## Work request
For each entry, repeat the text exactly and omit any picture it holds.

'''

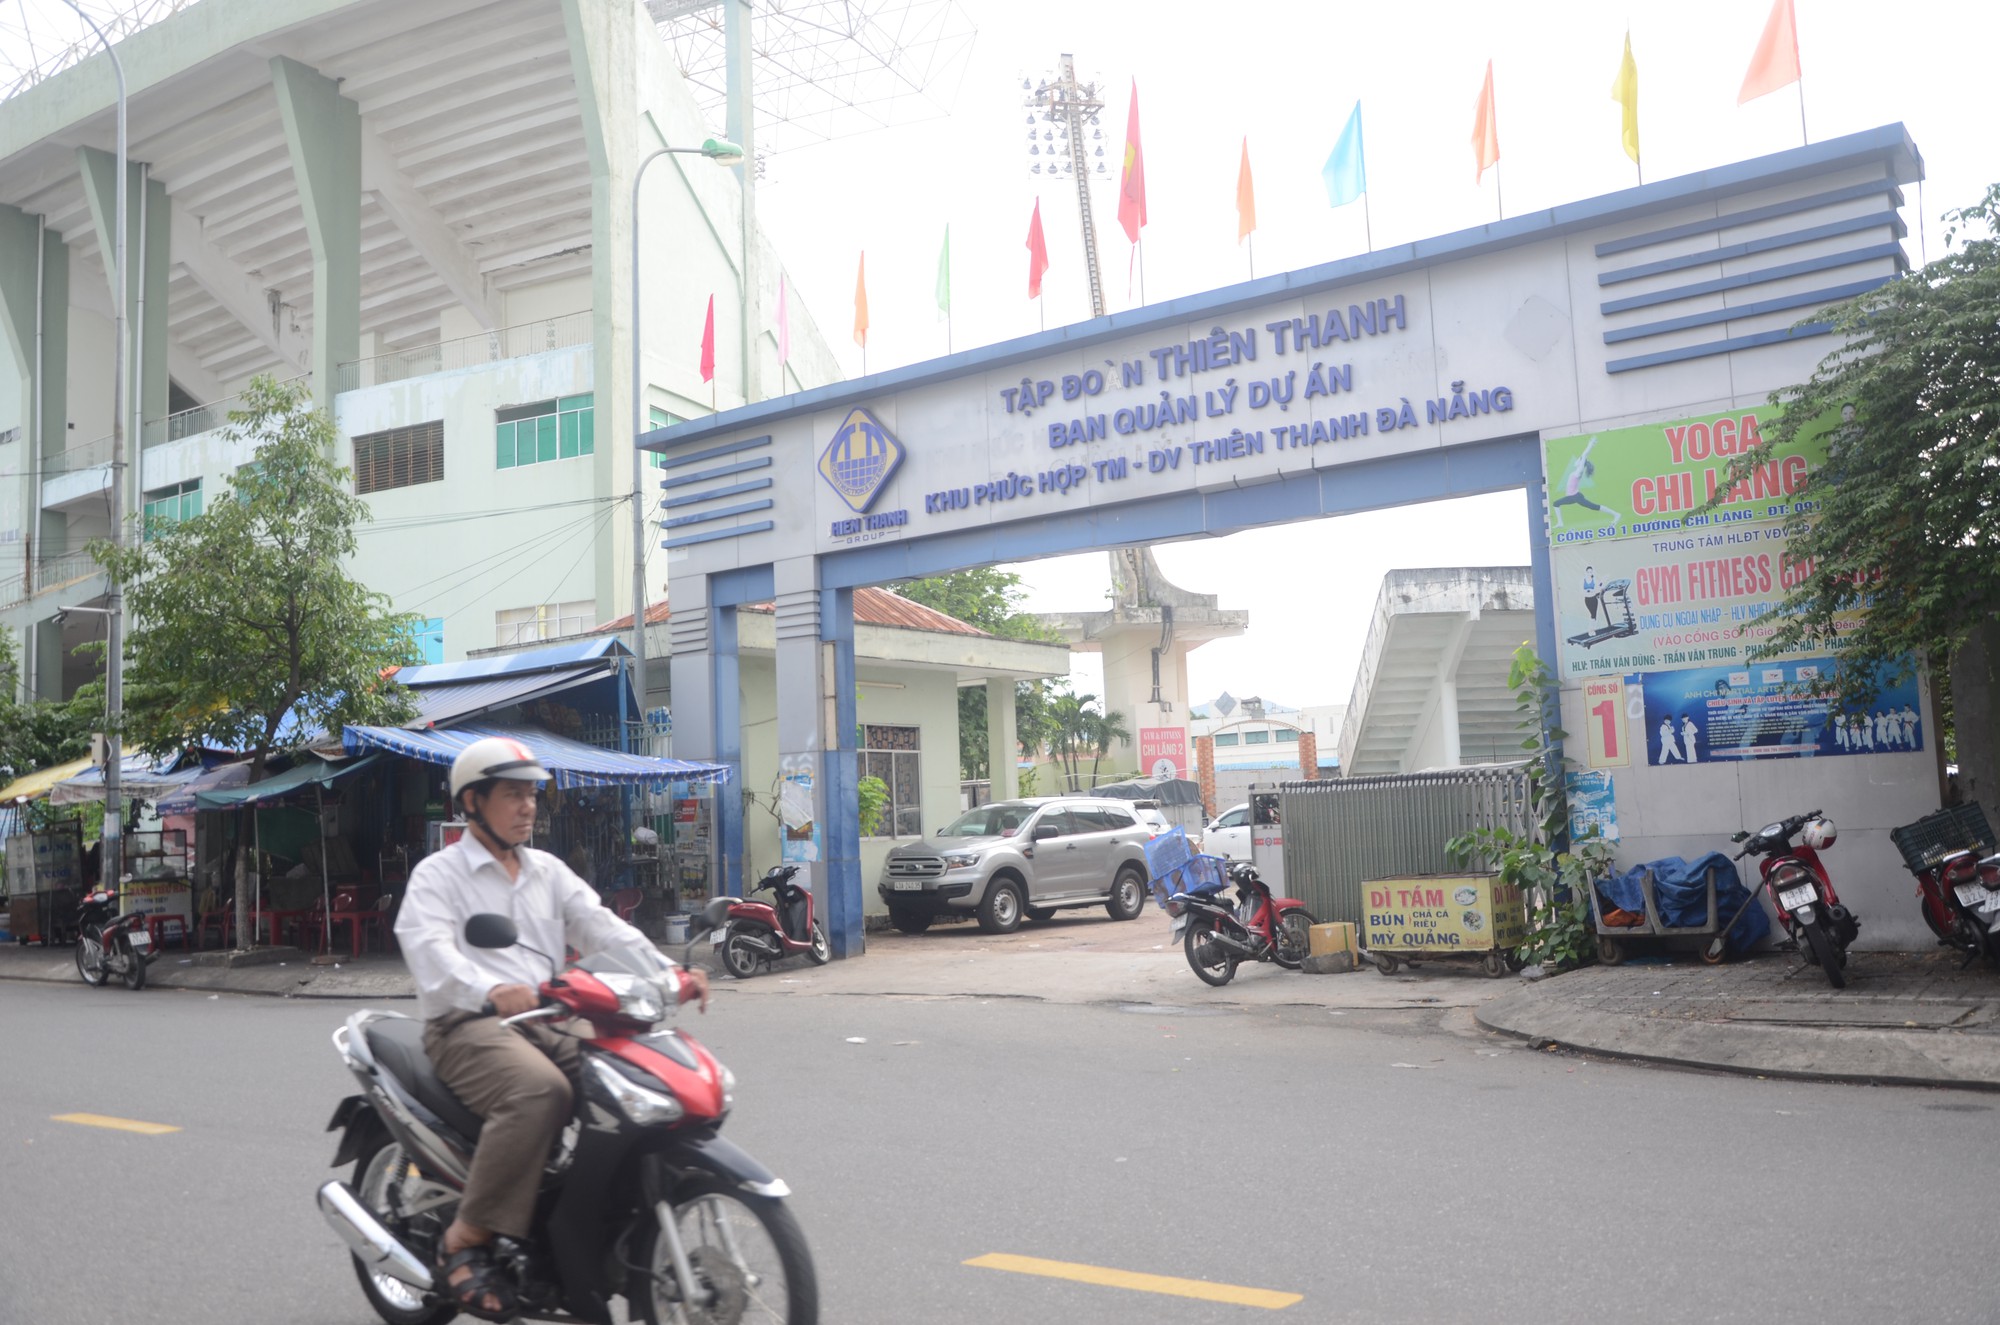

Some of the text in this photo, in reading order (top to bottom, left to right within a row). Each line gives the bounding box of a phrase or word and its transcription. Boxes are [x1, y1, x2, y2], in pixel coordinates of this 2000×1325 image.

[1000, 294, 1406, 416] TẬP ĐOÀN THIÊN THANH
[1048, 362, 1352, 449] BAN QUẢN LÝ DỰ ÁN
[925, 487, 969, 514] KHU
[974, 472, 1033, 505] PHỨC
[1038, 464, 1087, 495] HỢP
[1092, 457, 1127, 482] TM
[1148, 447, 1182, 473] DV
[1188, 428, 1263, 464] THIÊN
[1271, 412, 1368, 450] THANH
[1376, 398, 1418, 433] ĐÀ
[1426, 380, 1514, 424] NẴNG
[1664, 415, 1763, 464] YOGA
[1631, 471, 1694, 515] CHI
[863, 509, 908, 531] THANH
[1620, 526, 1627, 535] 1
[1632, 518, 1681, 534] ĐƯỜNG
[1685, 516, 1709, 528] CHI
[1714, 509, 1753, 523] LĂNG
[1767, 504, 1790, 517] ĐT:
[847, 531, 885, 544] GROUP
[1652, 540, 1694, 553] TRUNG
[1697, 535, 1723, 547] TÂM
[1728, 530, 1760, 544] HLĐT
[1764, 527, 1789, 540] VĐV
[1636, 564, 1681, 606] GYM
[1687, 553, 1772, 600] FITNESS
[1731, 605, 1746, 621] HLV
[1653, 634, 1681, 648] (VÀO
[1685, 627, 1719, 643] CỔNG
[1744, 628, 1754, 639] 1)
[1572, 661, 1588, 672] HLV:
[1590, 656, 1611, 670] TRẦN
[1613, 655, 1630, 668] VĂN
[1632, 654, 1655, 667] DŨNG
[1663, 650, 1686, 664] TRẦN
[1687, 649, 1705, 663] VĂN
[1707, 646, 1736, 660] TRUNG
[1608, 681, 1618, 694] SỐ
[1592, 700, 1618, 758] 1
[1142, 741, 1184, 756] CHI LĂNG 2
[1370, 885, 1445, 908] DÌ TẤM
[1370, 912, 1404, 926] BÚN
[1412, 909, 1432, 918] CHẢ
[1372, 930, 1395, 945] MỲ
[1402, 928, 1460, 945] QUẢNG
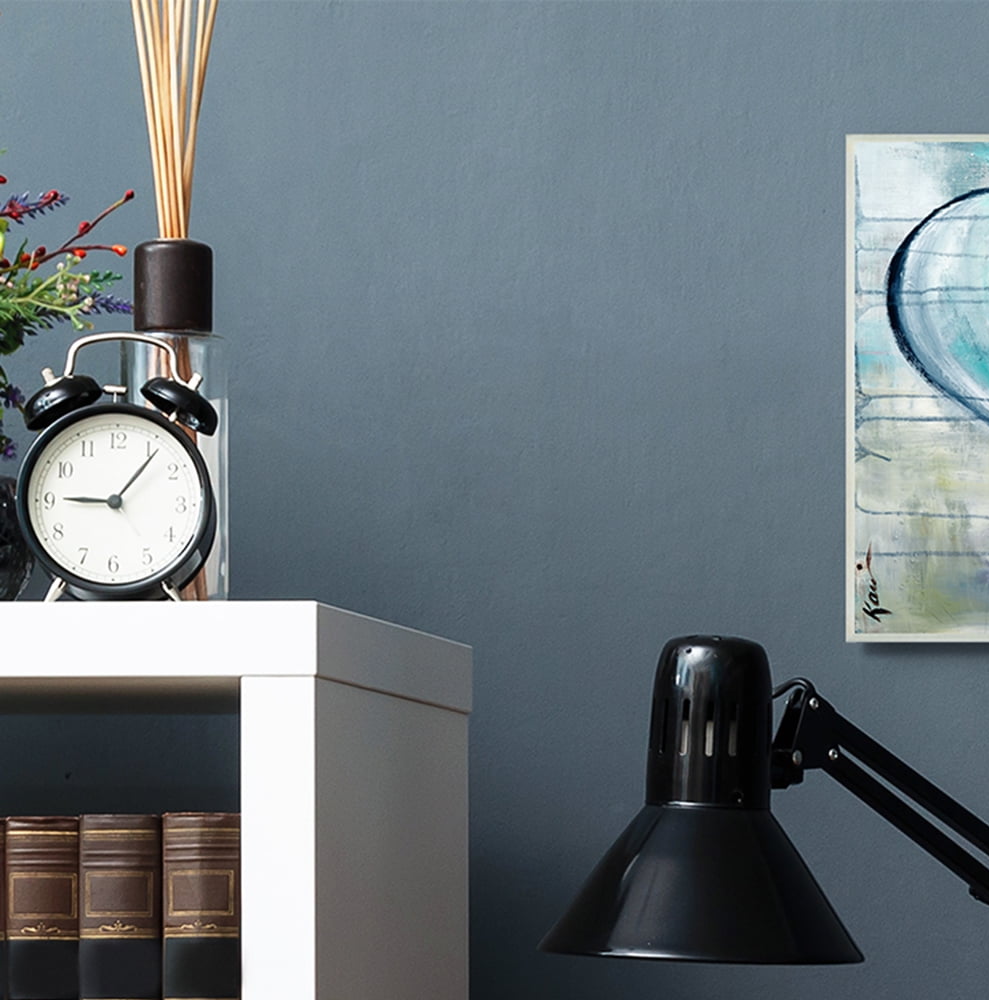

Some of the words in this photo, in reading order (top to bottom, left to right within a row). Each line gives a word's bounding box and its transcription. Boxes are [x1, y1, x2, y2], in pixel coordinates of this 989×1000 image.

'''

## Result of this task
Some of the text in this photo, in reading order (top to bottom, left to right within a row). Each line gives the bounding box of a phrase or word and its transcription. Boxes are [x1, y1, x2, y2], in pixel coordinates of this 2000×1325 image.

[1000, 294, 1406, 416] TẬP ĐOÀN THIÊN THANH
[1048, 362, 1352, 449] BAN QUẢN LÝ DỰ ÁN
[925, 487, 969, 514] KHU
[974, 472, 1033, 505] PHỨC
[1038, 464, 1087, 495] HỢP
[1092, 457, 1127, 482] TM
[1148, 447, 1182, 473] DV
[1188, 428, 1263, 464] THIÊN
[1271, 412, 1368, 450] THANH
[1376, 398, 1418, 433] ĐÀ
[1426, 380, 1514, 424] NẴNG
[1664, 415, 1763, 464] YOGA
[1631, 471, 1694, 515] CHI
[863, 509, 908, 531] THANH
[1620, 526, 1627, 535] 1
[1632, 518, 1681, 534] ĐƯỜNG
[1685, 516, 1709, 528] CHI
[1714, 509, 1753, 523] LĂNG
[1767, 504, 1790, 517] ĐT:
[847, 531, 885, 544] GROUP
[1652, 540, 1694, 553] TRUNG
[1697, 535, 1723, 547] TÂM
[1728, 530, 1760, 544] HLĐT
[1764, 527, 1789, 540] VĐV
[1636, 564, 1681, 606] GYM
[1687, 553, 1772, 600] FITNESS
[1731, 605, 1746, 621] HLV
[1653, 634, 1681, 648] (VÀO
[1685, 627, 1719, 643] CỔNG
[1744, 628, 1754, 639] 1)
[1572, 661, 1588, 672] HLV:
[1590, 656, 1611, 670] TRẦN
[1613, 655, 1630, 668] VĂN
[1632, 654, 1655, 667] DŨNG
[1663, 650, 1686, 664] TRẦN
[1687, 649, 1705, 663] VĂN
[1707, 646, 1736, 660] TRUNG
[1608, 681, 1618, 694] SỐ
[1592, 700, 1618, 758] 1
[1142, 741, 1184, 756] CHI LĂNG 2
[1370, 885, 1445, 908] DÌ TẤM
[1370, 912, 1404, 926] BÚN
[1412, 909, 1432, 918] CHẢ
[1372, 930, 1395, 945] MỲ
[1402, 928, 1460, 945] QUẢNG

Some of the words in this photo, in reading order (top to bottom, left to right within a row). Each line gives a word's bounding box and its transcription. Boxes are [x1, y1, x2, y2], in pixel coordinates of this 989×1000 image.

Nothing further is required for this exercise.